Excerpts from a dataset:
-*-

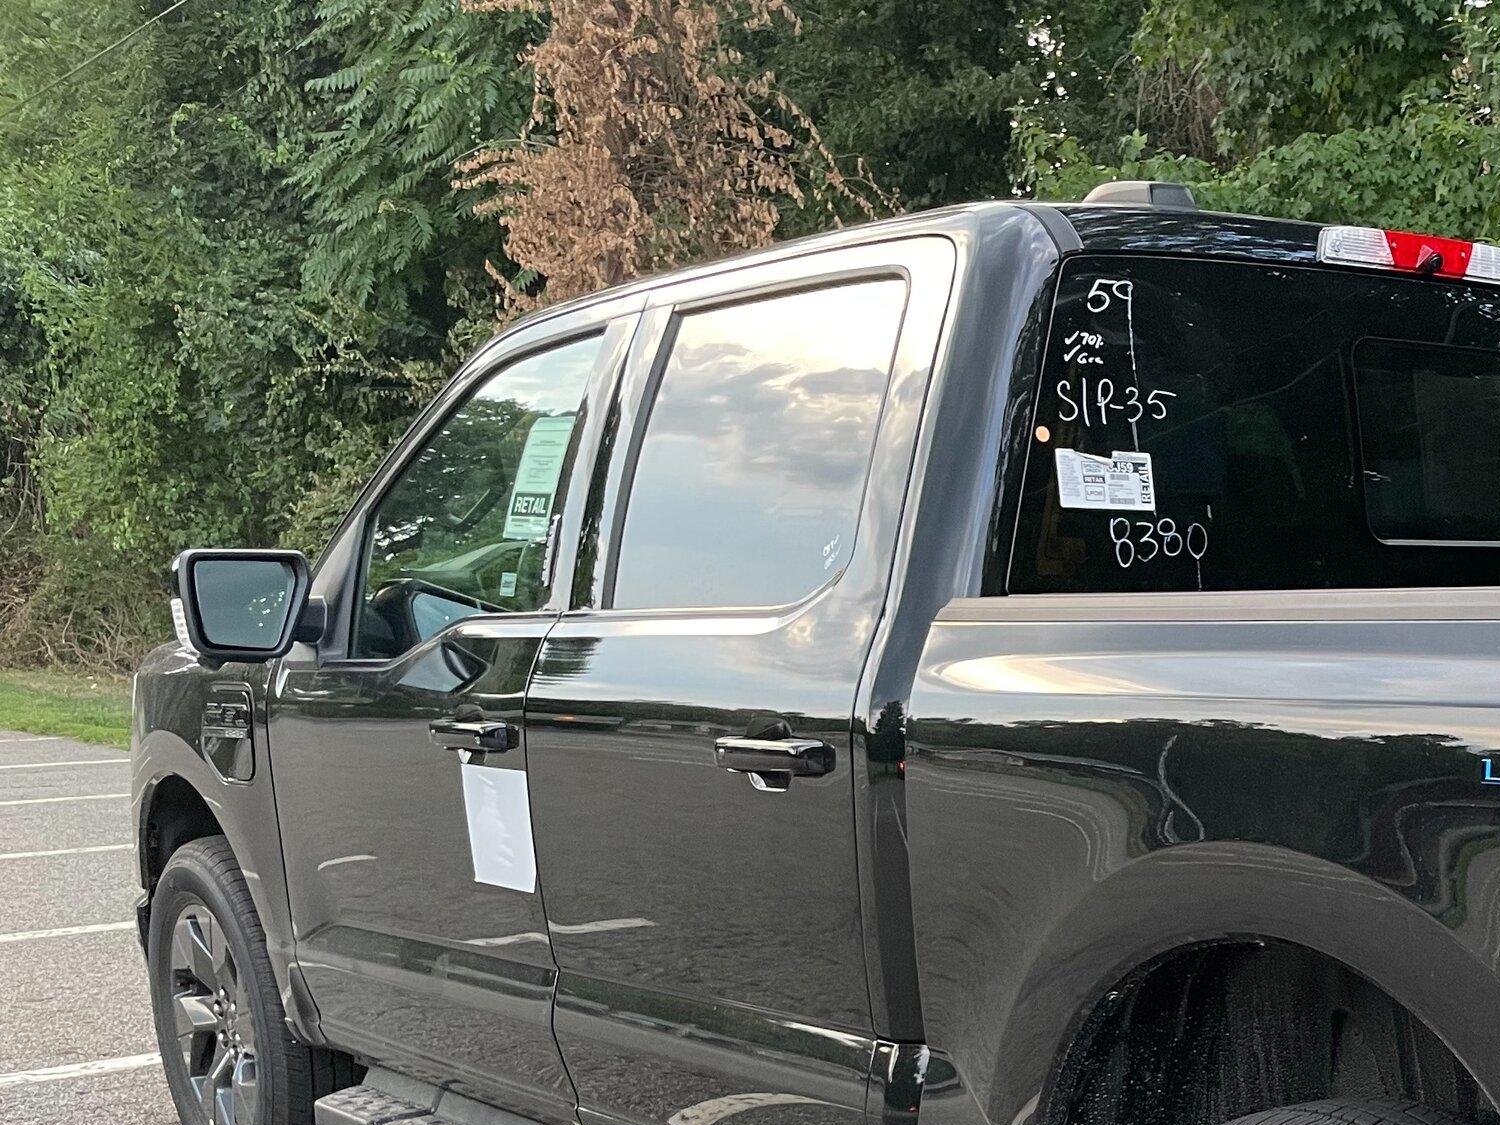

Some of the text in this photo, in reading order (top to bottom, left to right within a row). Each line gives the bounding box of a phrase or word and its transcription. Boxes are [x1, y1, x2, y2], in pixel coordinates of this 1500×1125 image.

[1087, 278, 1134, 321] 59
[513, 494, 549, 515] RETAIL
[1138, 463, 1152, 504] RETAIL
[1110, 517, 1208, 568] 8380
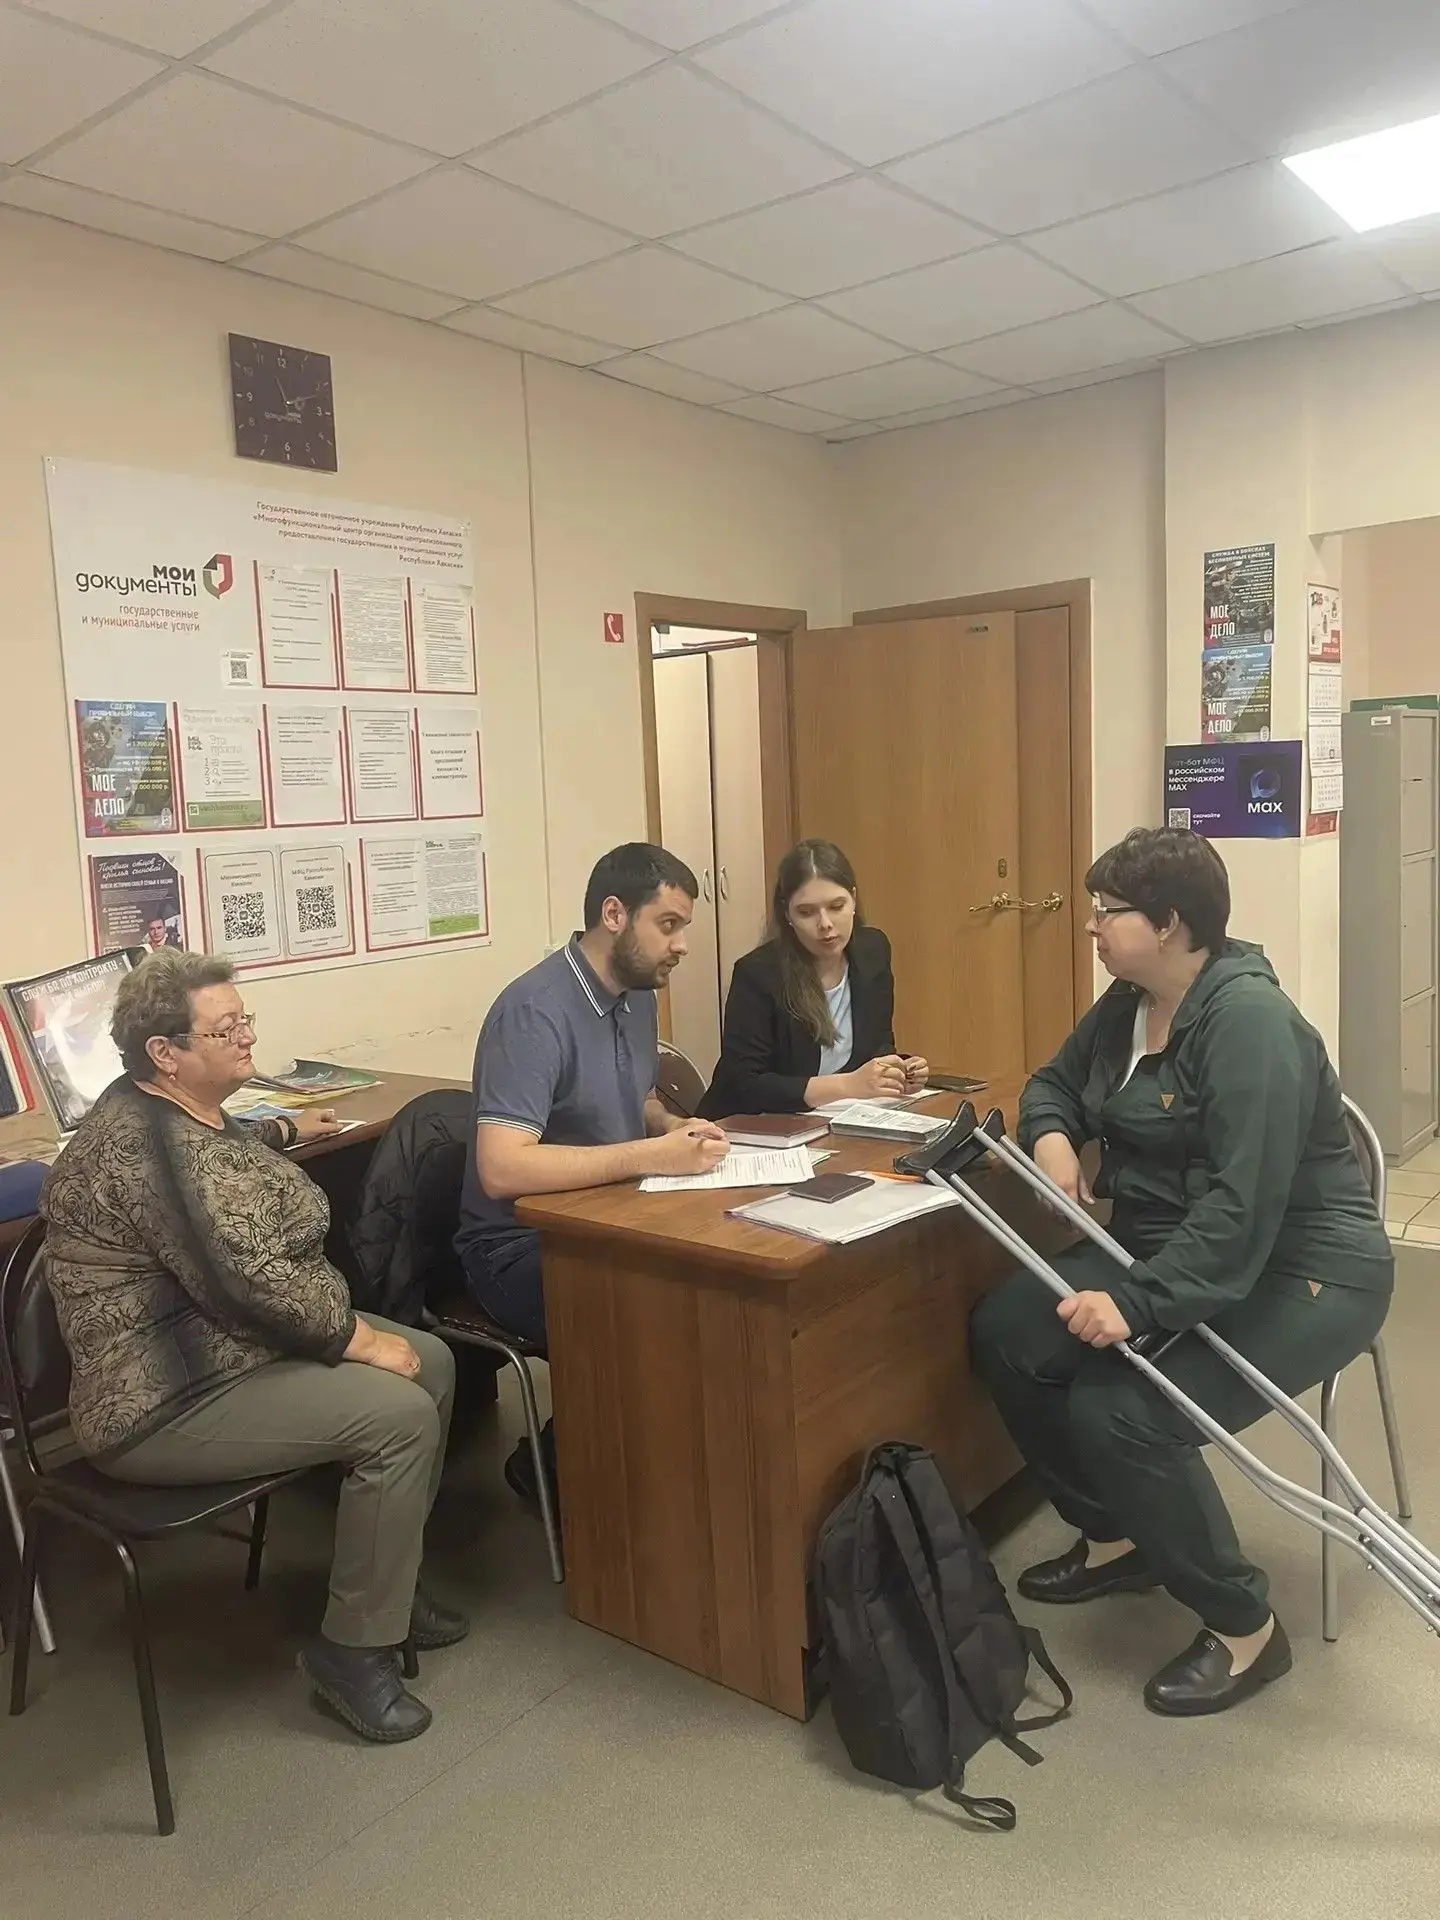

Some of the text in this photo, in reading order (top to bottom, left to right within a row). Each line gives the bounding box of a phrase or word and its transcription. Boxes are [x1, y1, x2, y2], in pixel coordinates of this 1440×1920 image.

[277, 357, 286, 369] 12
[246, 391, 253, 402] 9
[316, 406, 322, 417] 3
[284, 441, 291, 452] 6
[256, 501, 319, 518] Государственное
[152, 564, 196, 582] мои
[76, 572, 197, 597] документы
[119, 604, 199, 619] государственные
[81, 615, 200, 633] и муниципальные услуги
[1210, 622, 1235, 640] ДЕЛО
[1207, 719, 1232, 734] ДЕЛО
[1174, 766, 1225, 776] российском
[1168, 775, 1225, 784] мессенджере
[94, 798, 125, 818] ДЕЛО
[72, 960, 119, 984] КОНТРАКТУ
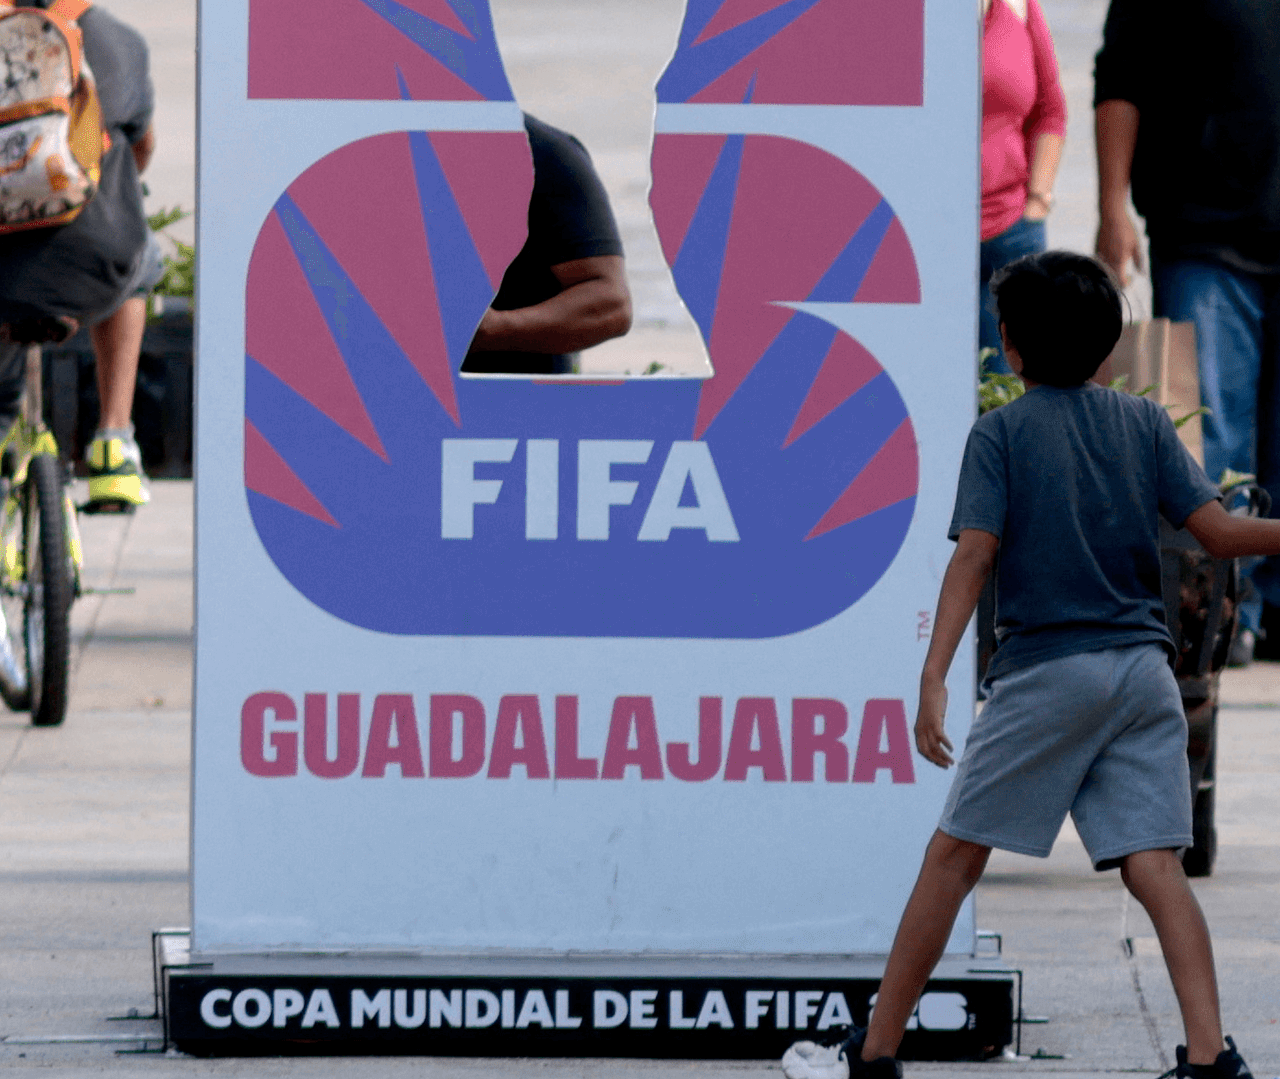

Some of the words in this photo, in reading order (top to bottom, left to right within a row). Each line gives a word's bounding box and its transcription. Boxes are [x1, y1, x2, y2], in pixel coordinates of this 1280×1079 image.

[440, 438, 741, 543] FIFA
[240, 692, 916, 784] GUADALAJARA
[200, 988, 340, 1029] COPA
[350, 989, 583, 1029] MUNDIAL
[593, 990, 658, 1029] DE
[669, 990, 735, 1029] LA
[745, 990, 854, 1030] FIFA
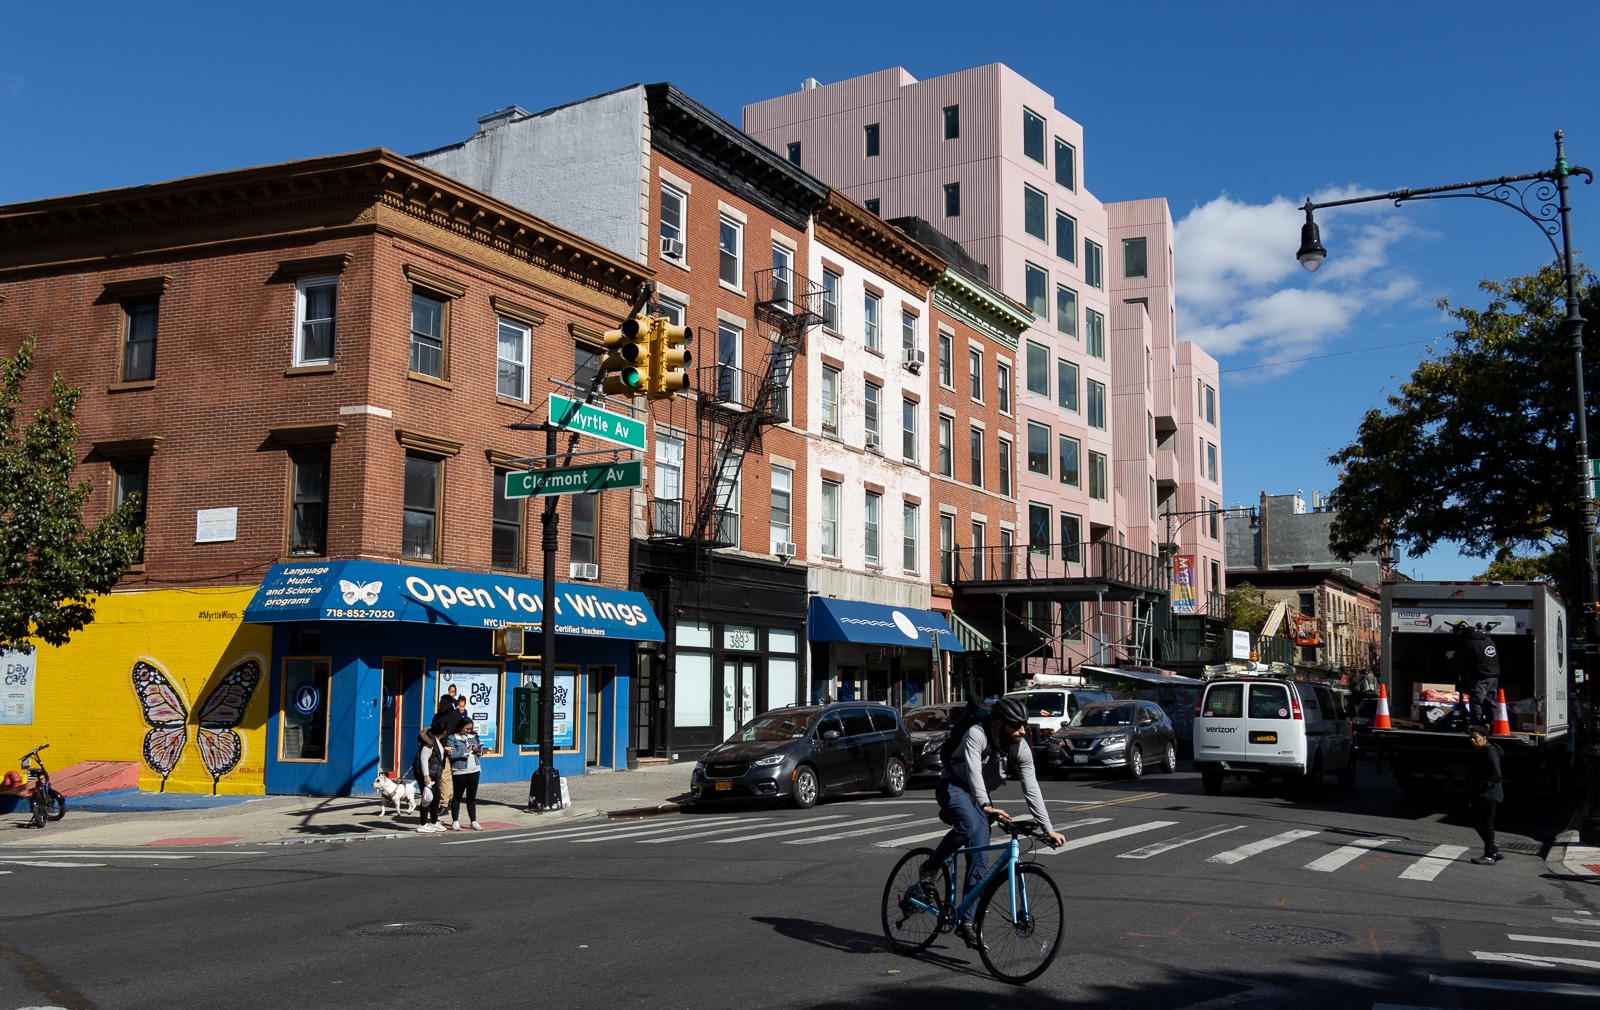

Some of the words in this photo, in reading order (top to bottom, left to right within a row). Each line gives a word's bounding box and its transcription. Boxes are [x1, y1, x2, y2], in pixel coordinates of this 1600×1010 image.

[570, 407, 609, 432] Myrtle
[614, 421, 630, 438] Av
[522, 471, 588, 489] Clermont
[606, 468, 625, 482] Av
[283, 566, 329, 576] Language
[286, 577, 314, 585] Music
[266, 587, 285, 596] and
[286, 586, 322, 595] Science
[264, 597, 310, 607] programs
[405, 576, 496, 609] Open
[565, 592, 648, 627] Wings
[326, 608, 395, 618] 718-852-7020
[483, 618, 498, 627] NYC
[554, 624, 580, 634] Certified
[580, 627, 605, 636] Teachers
[7, 663, 29, 678] Day
[5, 672, 27, 685] Care
[471, 682, 492, 698] Day
[470, 691, 490, 706] Care
[553, 693, 567, 706] are
[1205, 725, 1236, 733] verizon

-*-

◆ **About this task**
Set down word for word every line from the one containing "this 1280×1079 image." through the last line of the records above, both ends included. Leave out the pictures.

◆ **Exercise response**
Some of the words in this photo, in reading order (top to bottom, left to right within a row). Each line gives a word's bounding box and its transcription. Boxes are [x1, y1, x2, y2], in pixel coordinates of this 1280×1079 image.

[440, 438, 741, 543] FIFA
[240, 692, 916, 784] GUADALAJARA
[200, 988, 340, 1029] COPA
[350, 989, 583, 1029] MUNDIAL
[593, 990, 658, 1029] DE
[669, 990, 735, 1029] LA
[745, 990, 854, 1030] FIFA

Some of the words in this photo, in reading order (top to bottom, left to right within a row). Each line gives a word's bounding box and its transcription. Boxes are [x1, y1, x2, y2], in pixel coordinates of this 1600×1010 image.

[570, 407, 609, 432] Myrtle
[614, 421, 630, 438] Av
[522, 471, 588, 489] Clermont
[606, 468, 625, 482] Av
[283, 566, 329, 576] Language
[286, 577, 314, 585] Music
[266, 587, 285, 596] and
[286, 586, 322, 595] Science
[264, 597, 310, 607] programs
[405, 576, 496, 609] Open
[565, 592, 648, 627] Wings
[326, 608, 395, 618] 718-852-7020
[483, 618, 498, 627] NYC
[554, 624, 580, 634] Certified
[580, 627, 605, 636] Teachers
[7, 663, 29, 678] Day
[5, 672, 27, 685] Care
[471, 682, 492, 698] Day
[470, 691, 490, 706] Care
[553, 693, 567, 706] are
[1205, 725, 1236, 733] verizon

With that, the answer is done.